To do> Make an exact copy of the entries, and keep any pictures out of it.

Stored records

'''

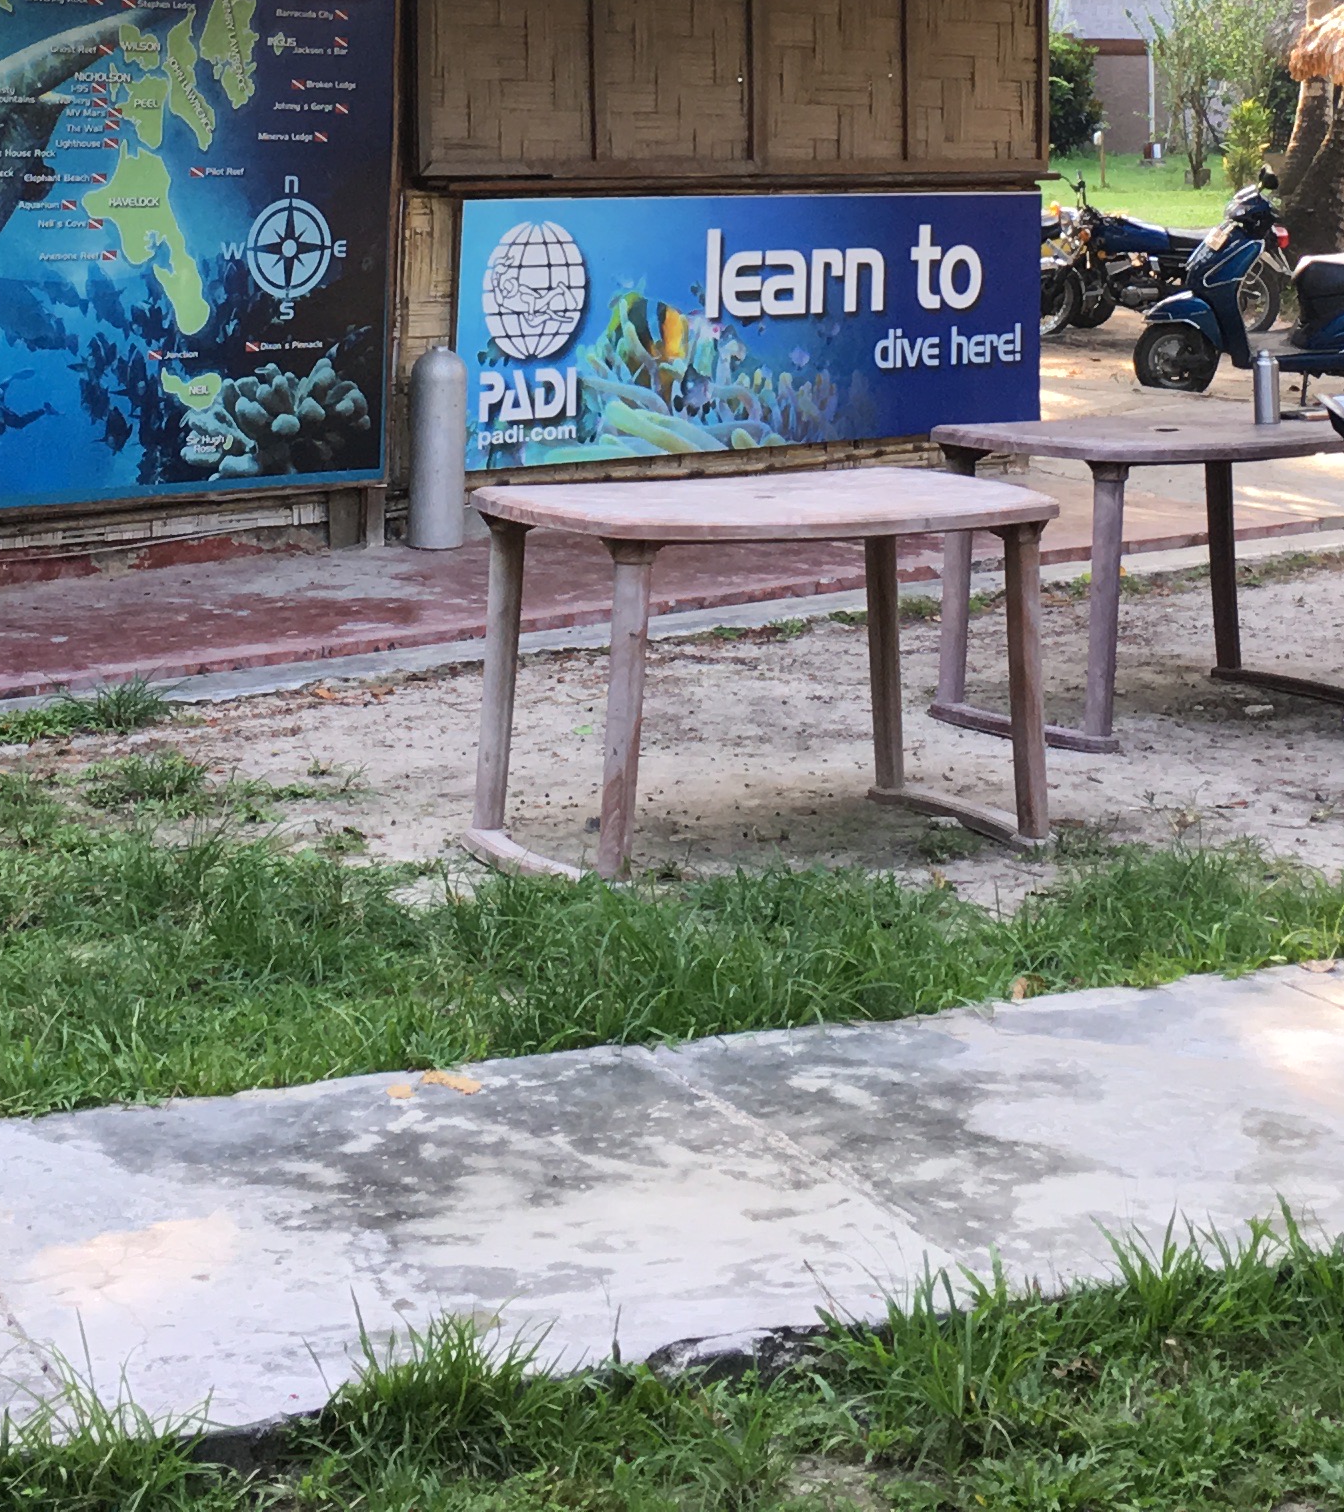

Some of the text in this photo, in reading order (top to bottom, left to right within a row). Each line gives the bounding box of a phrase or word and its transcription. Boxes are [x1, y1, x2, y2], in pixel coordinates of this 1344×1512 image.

[137, 0, 171, 9] Stephen
[276, 8, 335, 20] Barracuda City
[121, 41, 161, 52] WILSON
[334, 48, 348, 56] Bar
[228, 32, 246, 92] LAWRENCE
[74, 72, 131, 83] NICHOLSON
[306, 80, 333, 89] Broken
[166, 55, 214, 133] JOHN LAWRENCE
[134, 98, 159, 108] PEEL
[311, 102, 333, 112] Gorge
[82, 109, 106, 117] Mars
[66, 124, 104, 132] The Wall
[258, 132, 313, 142] Minerva Ledge
[56, 139, 101, 149] Lighthouse
[5, 149, 31, 157] House
[34, 149, 56, 157] Rock
[206, 167, 245, 176] Pilot Reef
[24, 173, 90, 183] Elephant Beach
[18, 200, 60, 211] Aquarium
[108, 197, 160, 207] HAVELOCK
[65, 219, 87, 228] Cove
[221, 240, 347, 260] W E
[39, 251, 100, 261] Anemone Reef
[705, 224, 982, 318] learn to
[874, 322, 1022, 369] dive here!
[164, 351, 199, 360] Junction
[189, 385, 209, 395] NEIL
[479, 367, 577, 422] PADI
[186, 435, 225, 445] Sir Hugh
[477, 423, 577, 449] padi.com
[194, 444, 217, 453] Ross

'''

Exercise result>
Some of the text in this photo, in reading order (top to bottom, left to right within a row). Each line gives the bounding box of a phrase or word and its transcription. Boxes are [x1, y1, x2, y2], in pixel coordinates of this 1344×1512 image.

[137, 0, 171, 9] Stephen
[276, 8, 335, 20] Barracuda City
[121, 41, 161, 52] WILSON
[334, 48, 348, 56] Bar
[228, 32, 246, 92] LAWRENCE
[74, 72, 131, 83] NICHOLSON
[306, 80, 333, 89] Broken
[166, 55, 214, 133] JOHN LAWRENCE
[134, 98, 159, 108] PEEL
[311, 102, 333, 112] Gorge
[82, 109, 106, 117] Mars
[66, 124, 104, 132] The Wall
[258, 132, 313, 142] Minerva Ledge
[56, 139, 101, 149] Lighthouse
[5, 149, 31, 157] House
[34, 149, 56, 157] Rock
[206, 167, 245, 176] Pilot Reef
[24, 173, 90, 183] Elephant Beach
[18, 200, 60, 211] Aquarium
[108, 197, 160, 207] HAVELOCK
[65, 219, 87, 228] Cove
[221, 240, 347, 260] W E
[39, 251, 100, 261] Anemone Reef
[705, 224, 982, 318] learn to
[874, 322, 1022, 369] dive here!
[164, 351, 199, 360] Junction
[189, 385, 209, 395] NEIL
[479, 367, 577, 422] PADI
[186, 435, 225, 445] Sir Hugh
[477, 423, 577, 449] padi.com
[194, 444, 217, 453] Ross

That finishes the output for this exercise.